Task directions
Please print out the entries below unchanged and skip the images.

Material provided

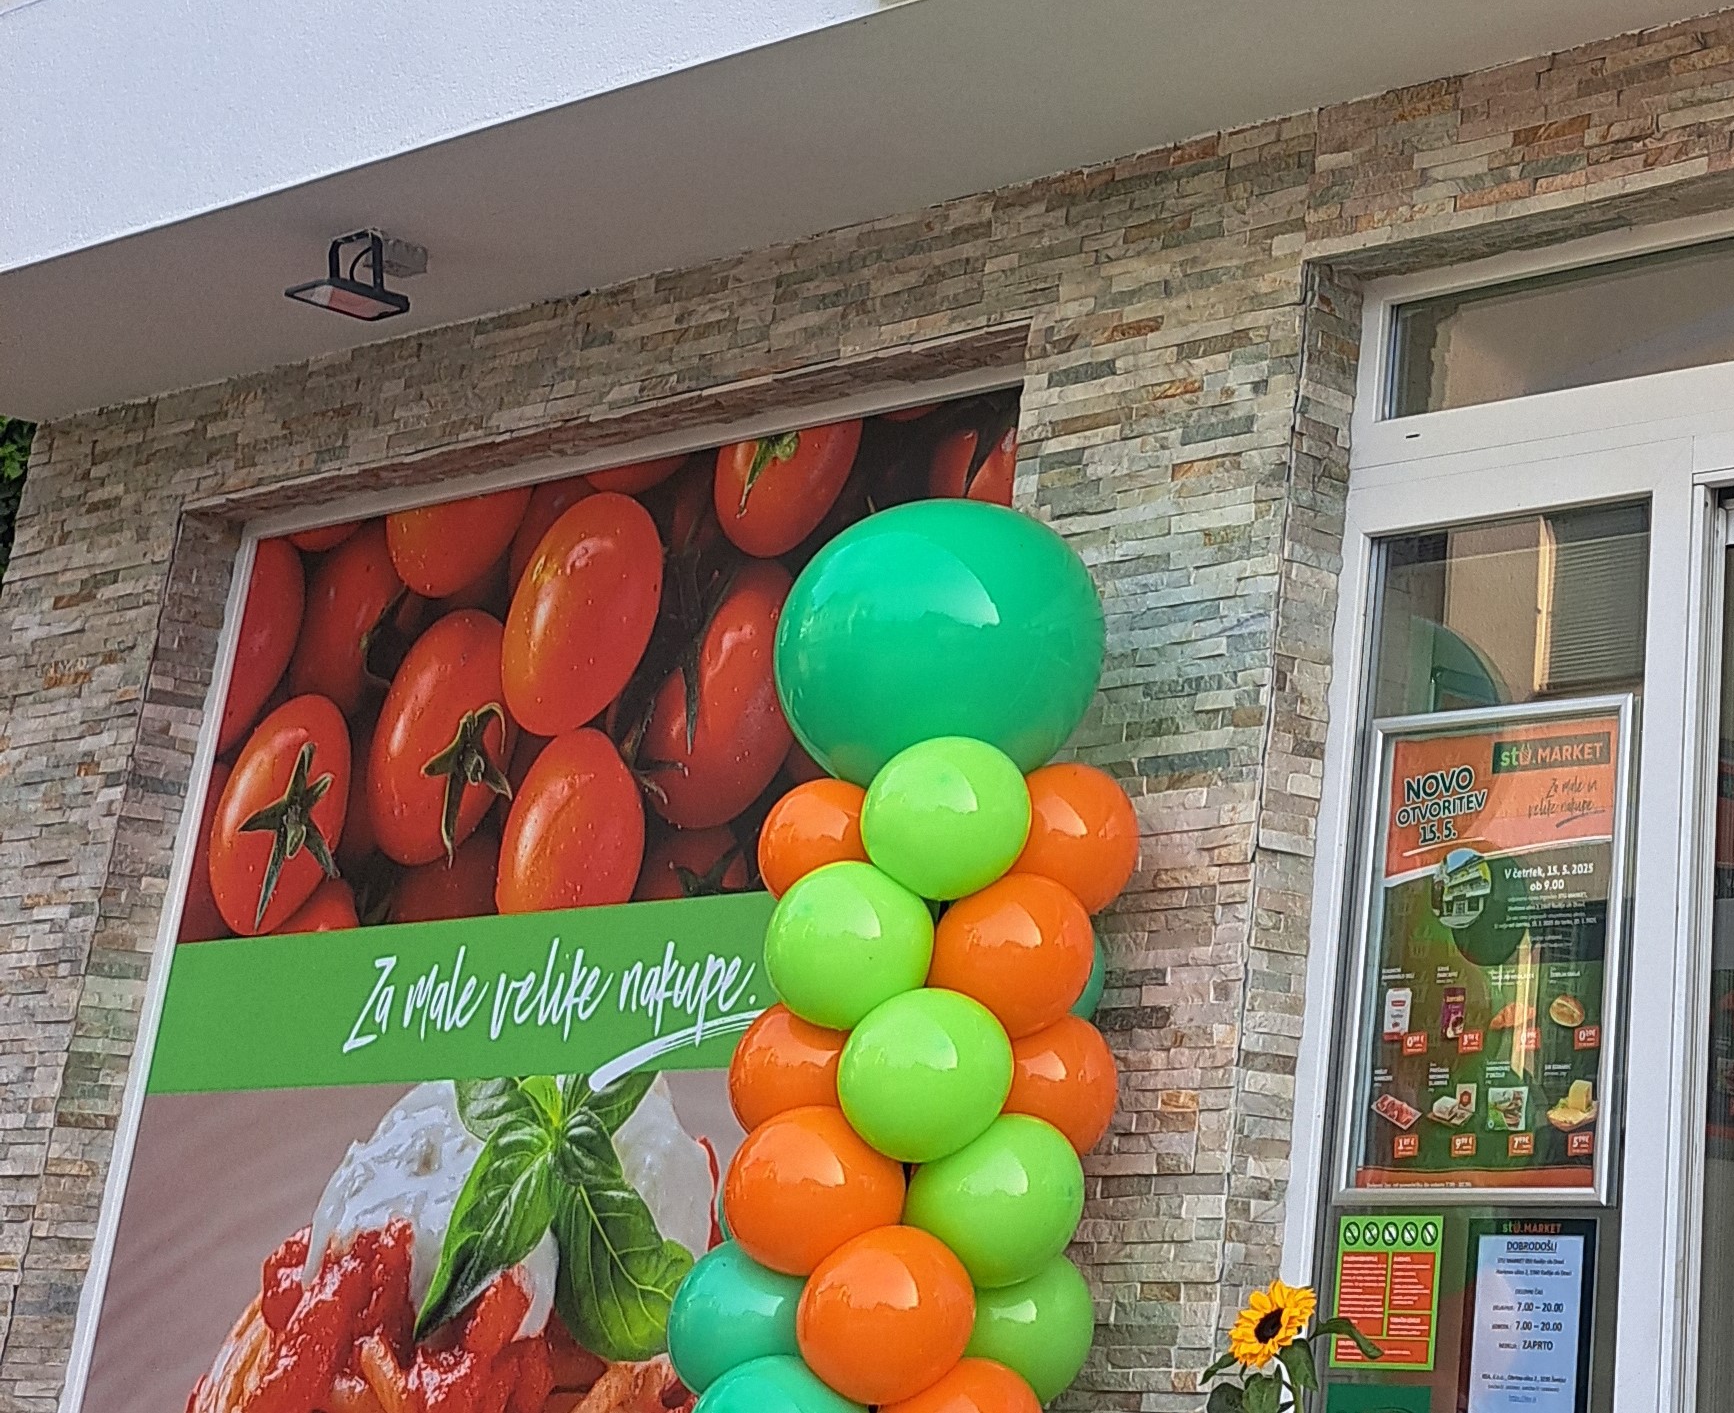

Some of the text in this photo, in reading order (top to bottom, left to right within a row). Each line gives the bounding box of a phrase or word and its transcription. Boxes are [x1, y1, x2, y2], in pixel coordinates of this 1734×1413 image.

[1538, 742, 1603, 764] MARKET
[1405, 766, 1474, 803] NOVO
[1396, 790, 1488, 826] OTVORITEV
[1419, 820, 1457, 845] 15. 5.
[1504, 869, 1512, 879] V
[1572, 863, 1594, 875] 2025
[1530, 879, 1565, 891] ob 9.00
[342, 937, 757, 1054] Za male velike nakupe.
[1524, 1223, 1562, 1234] MARKET
[1506, 1239, 1557, 1252] DOBRODOŠLI
[1516, 1301, 1534, 1313] 7.00
[1541, 1302, 1564, 1313] 20.00
[1515, 1320, 1532, 1331] 7.00
[1540, 1321, 1563, 1332] 20.00
[1522, 1339, 1554, 1352] ZAPRTO

Result below
Some of the text in this photo, in reading order (top to bottom, left to right within a row). Each line gives the bounding box of a phrase or word and its transcription. Boxes are [x1, y1, x2, y2], in pixel coordinates of this 1734×1413 image.

[1538, 742, 1603, 764] MARKET
[1405, 766, 1474, 803] NOVO
[1396, 790, 1488, 826] OTVORITEV
[1419, 820, 1457, 845] 15. 5.
[1504, 869, 1512, 879] V
[1572, 863, 1594, 875] 2025
[1530, 879, 1565, 891] ob 9.00
[342, 937, 757, 1054] Za male velike nakupe.
[1524, 1223, 1562, 1234] MARKET
[1506, 1239, 1557, 1252] DOBRODOŠLI
[1516, 1301, 1534, 1313] 7.00
[1541, 1302, 1564, 1313] 20.00
[1515, 1320, 1532, 1331] 7.00
[1540, 1321, 1563, 1332] 20.00
[1522, 1339, 1554, 1352] ZAPRTO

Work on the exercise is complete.